### [EXERCISE DIRECTIONS]
Leave out every picture and set down, exactly, the lines below from the one holding "this 1920×1280 image." up to and including the one holding "Some of the text".

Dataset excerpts
★ ★ ★

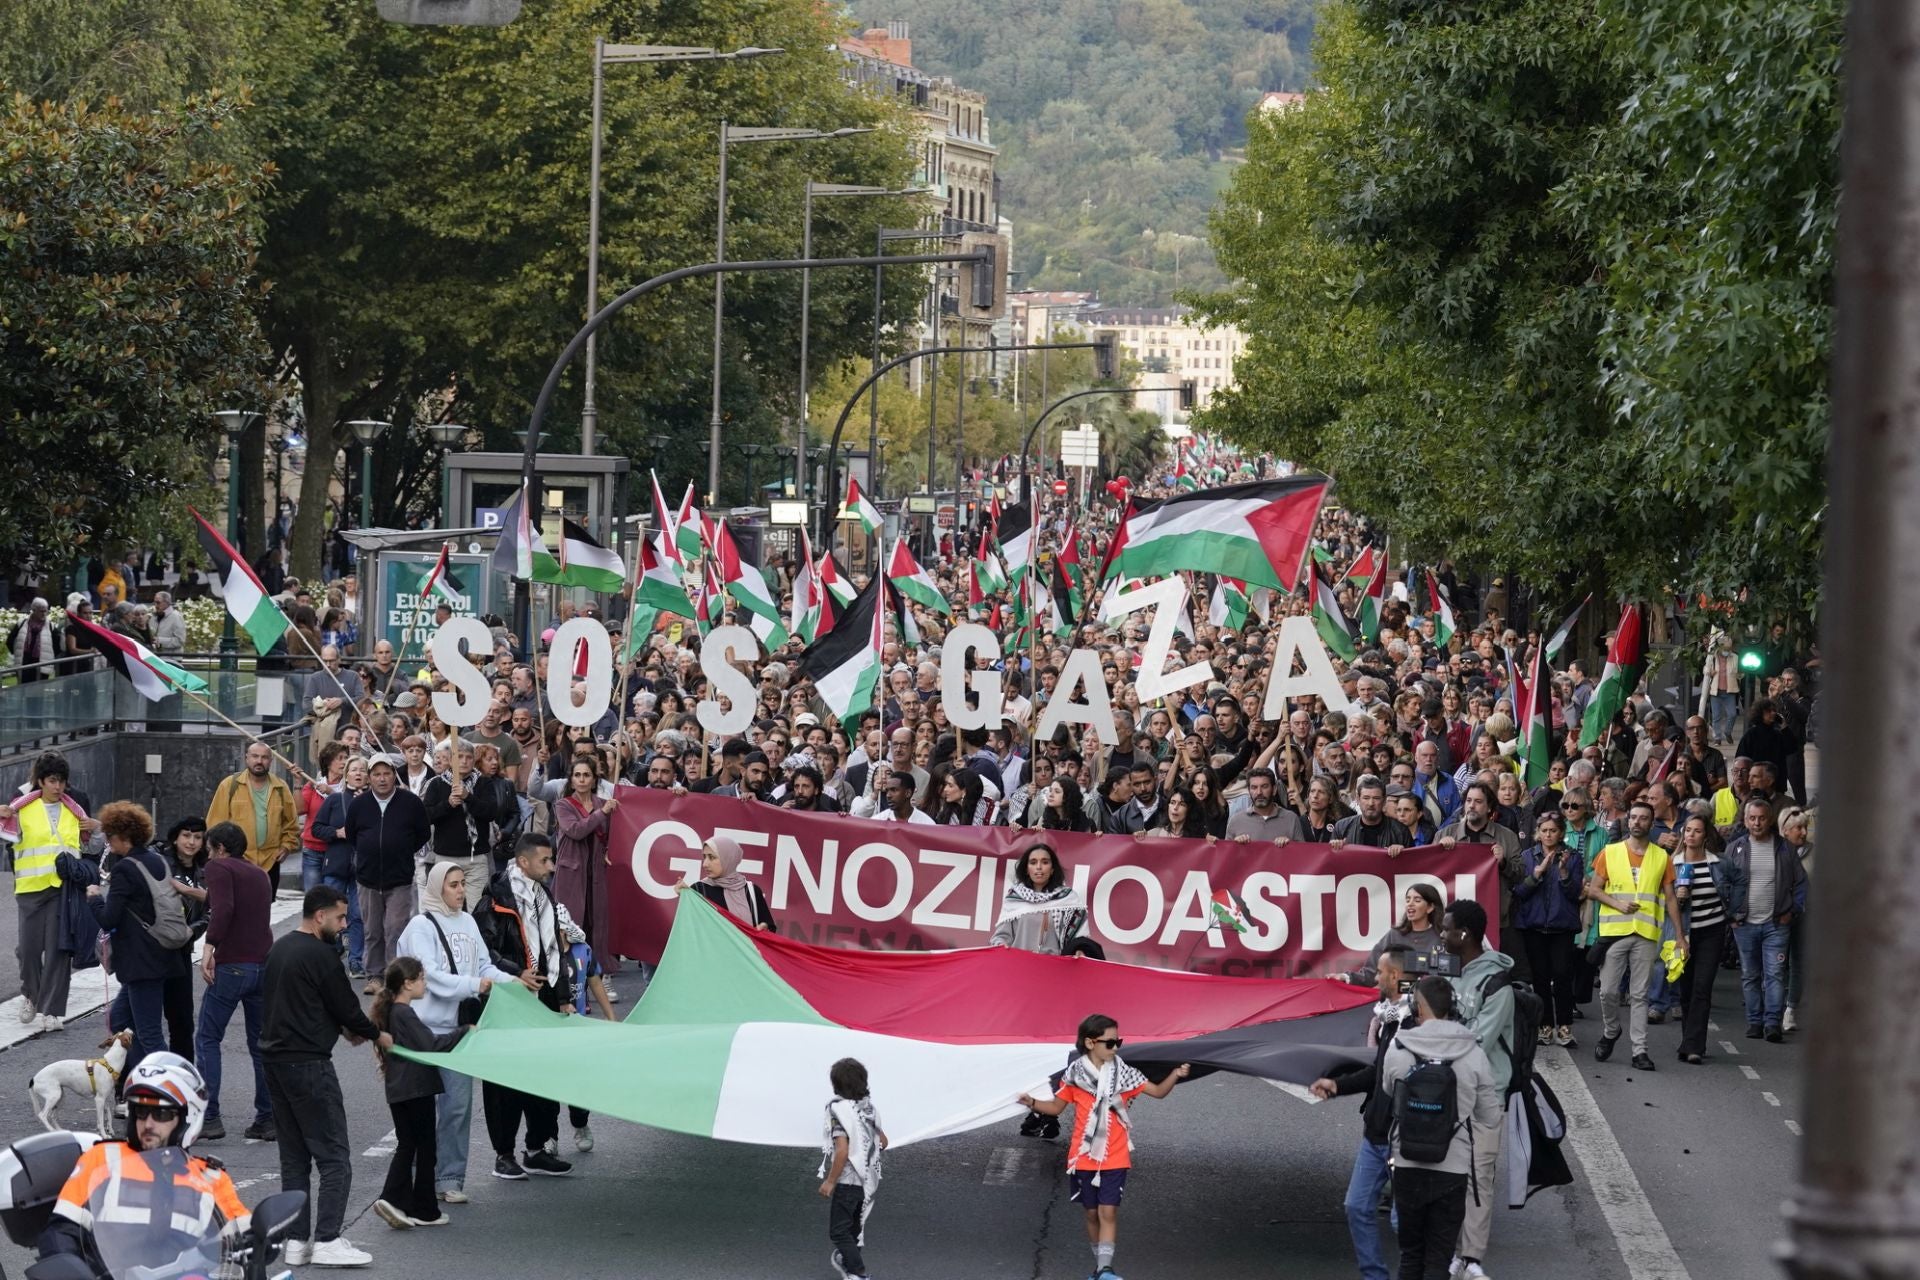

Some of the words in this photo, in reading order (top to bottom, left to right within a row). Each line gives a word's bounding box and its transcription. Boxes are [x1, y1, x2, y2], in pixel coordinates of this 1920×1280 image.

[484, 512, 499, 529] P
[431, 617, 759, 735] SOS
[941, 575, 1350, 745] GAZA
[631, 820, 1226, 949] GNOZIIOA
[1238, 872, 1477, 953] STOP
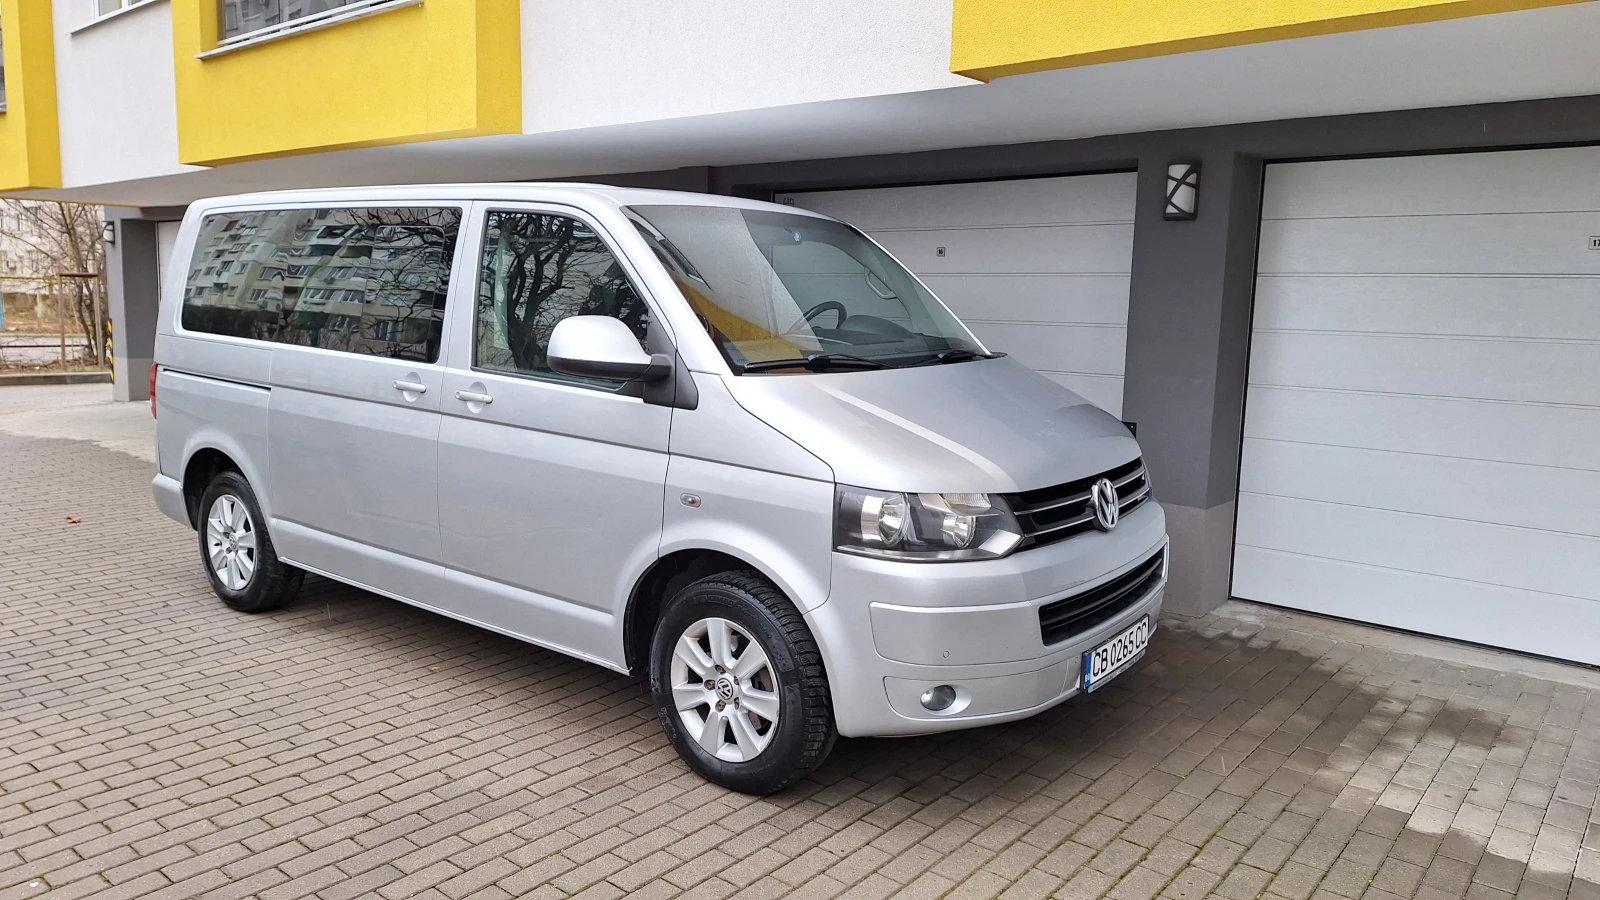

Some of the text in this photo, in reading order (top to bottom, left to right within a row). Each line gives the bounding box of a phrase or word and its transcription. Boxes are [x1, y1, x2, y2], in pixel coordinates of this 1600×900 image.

★ ★ ★

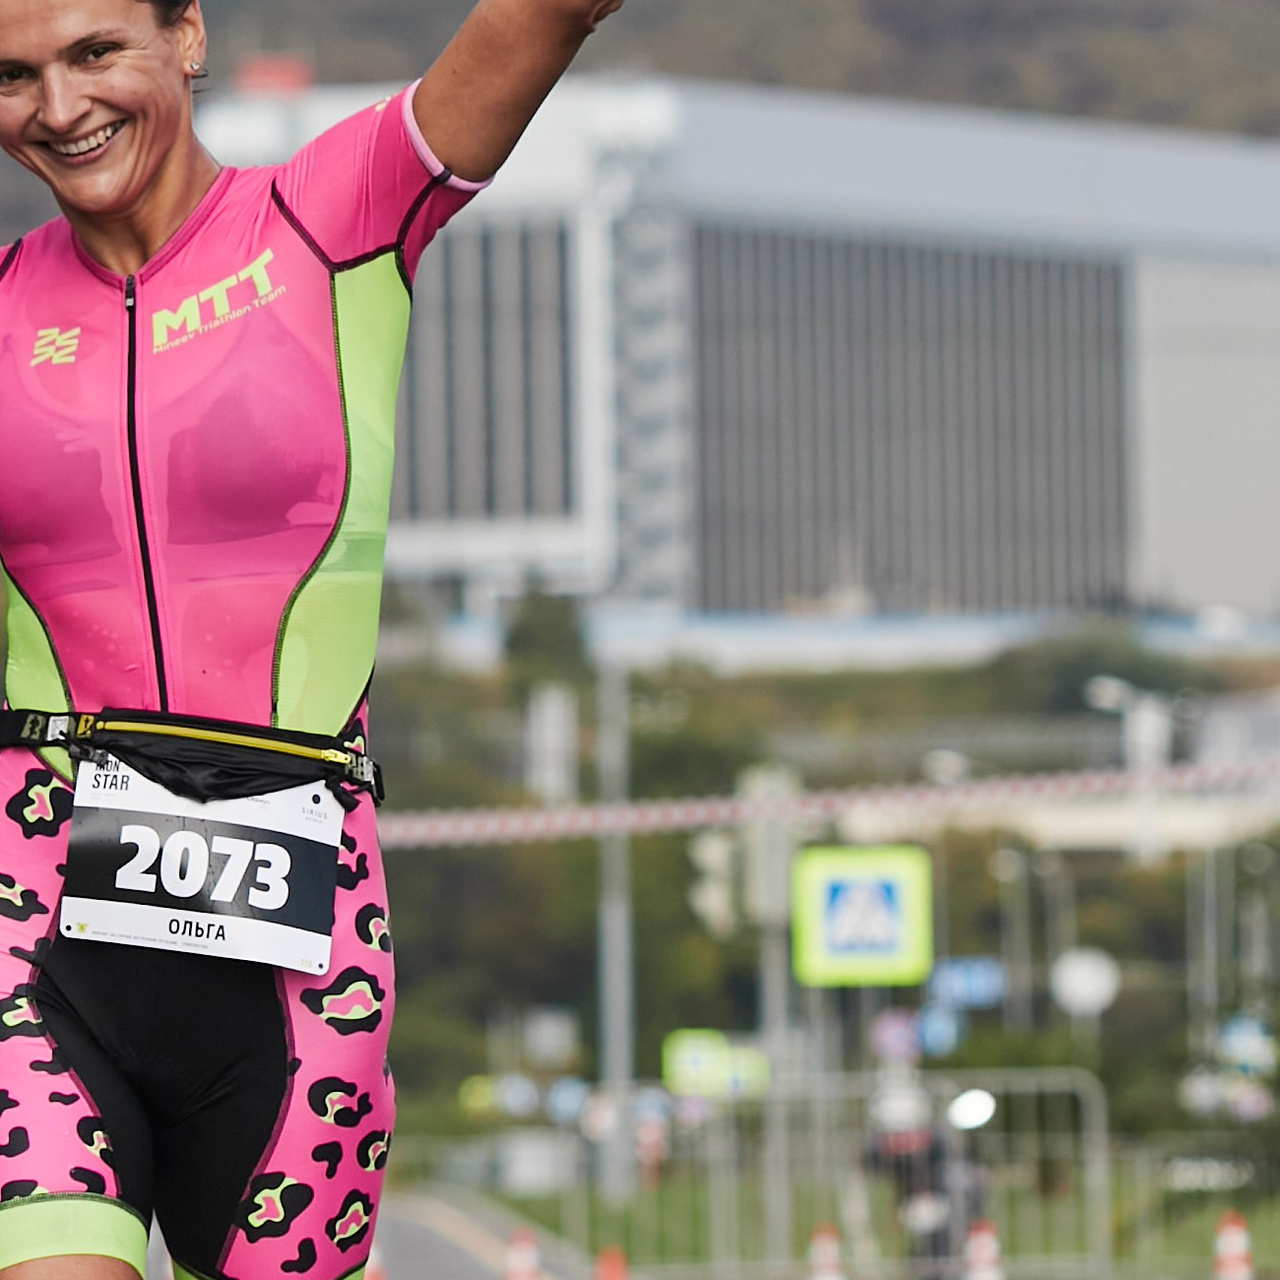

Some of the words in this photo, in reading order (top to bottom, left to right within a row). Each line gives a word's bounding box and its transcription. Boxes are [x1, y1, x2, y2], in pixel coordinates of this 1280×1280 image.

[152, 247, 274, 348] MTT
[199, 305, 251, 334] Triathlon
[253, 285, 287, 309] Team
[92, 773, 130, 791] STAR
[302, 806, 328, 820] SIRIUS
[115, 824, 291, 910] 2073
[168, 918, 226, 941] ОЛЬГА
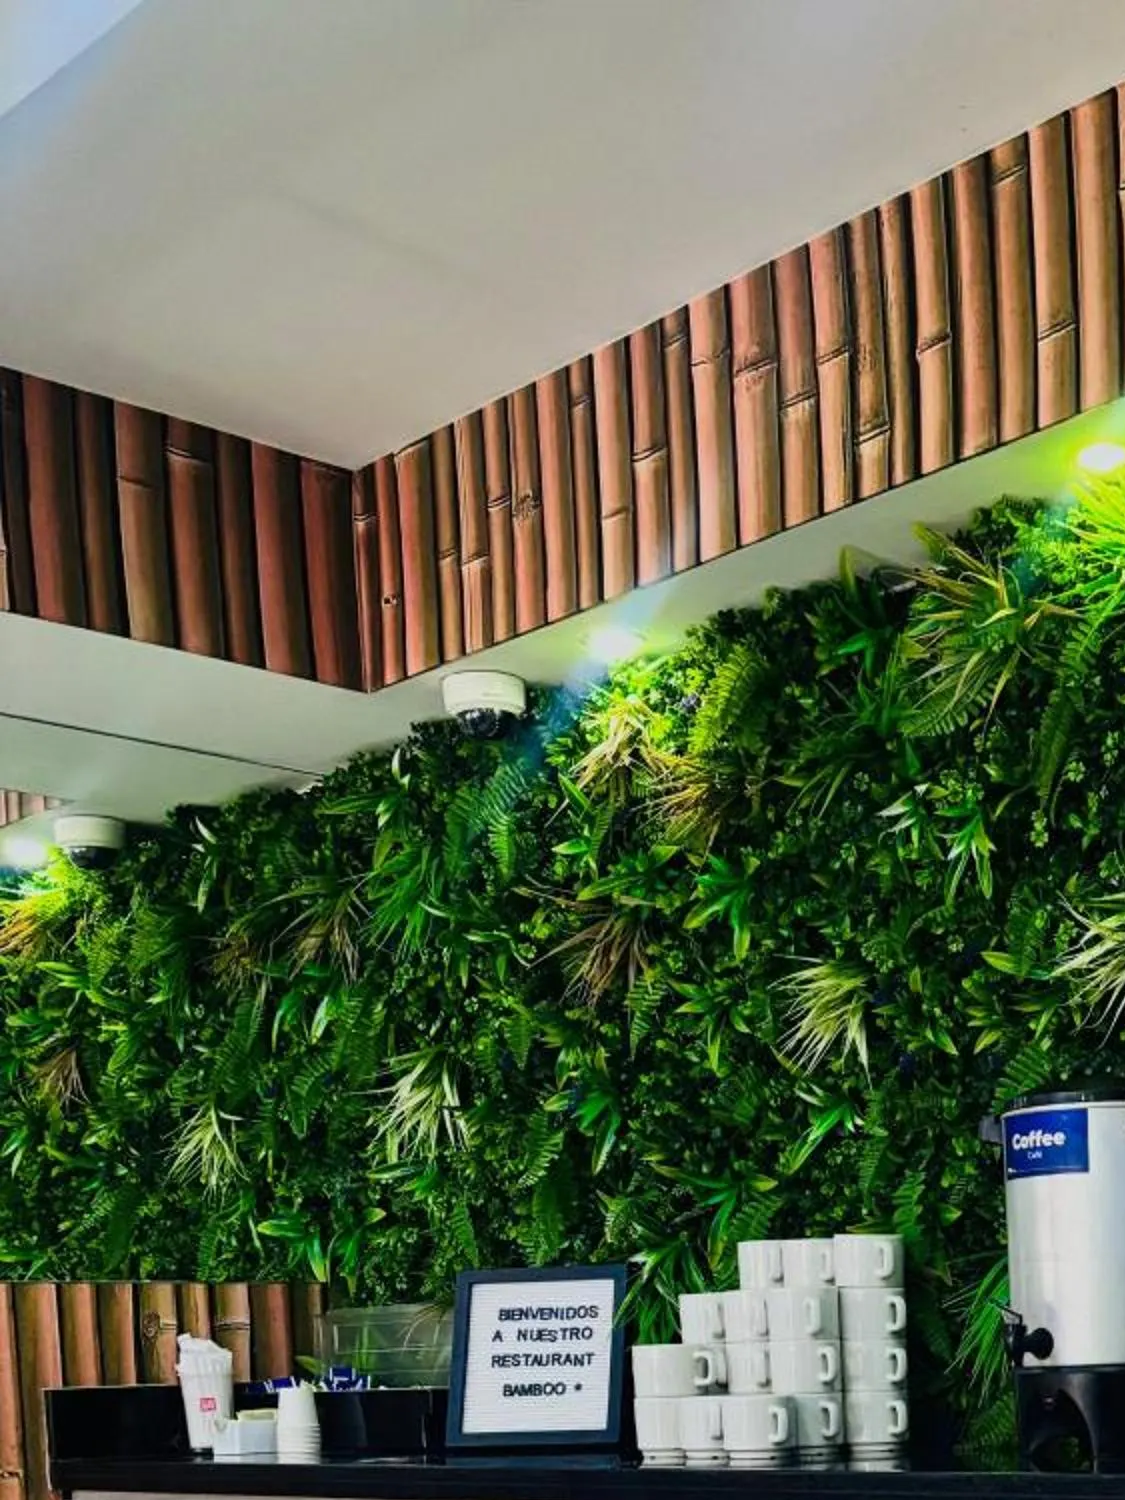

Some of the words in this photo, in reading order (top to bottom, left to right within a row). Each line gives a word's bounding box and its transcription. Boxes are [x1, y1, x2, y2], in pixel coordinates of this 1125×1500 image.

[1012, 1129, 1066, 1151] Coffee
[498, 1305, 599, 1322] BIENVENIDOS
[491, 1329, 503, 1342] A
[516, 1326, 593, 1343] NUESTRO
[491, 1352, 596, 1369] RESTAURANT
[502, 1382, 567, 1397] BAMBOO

★ ★ ★

### [RESULT FOR THIS EXERCISE]
Some of the words in this photo, in reading order (top to bottom, left to right within a row). Each line gives a word's bounding box and its transcription. Boxes are [x1, y1, x2, y2], in pixel coordinates of this 1920×1280 image.

[484, 512, 499, 529] P
[431, 617, 759, 735] SOS
[941, 575, 1350, 745] GAZA
[631, 820, 1226, 949] GNOZIIOA
[1238, 872, 1477, 953] STOP

Some of the text in this photo, in reading order (top to bottom, left to right within a row). Each line gives the bounding box of a phrase or word and its transcription. Boxes are [x1, y1, x2, y2], in pixel coordinates of this 1600×900 image.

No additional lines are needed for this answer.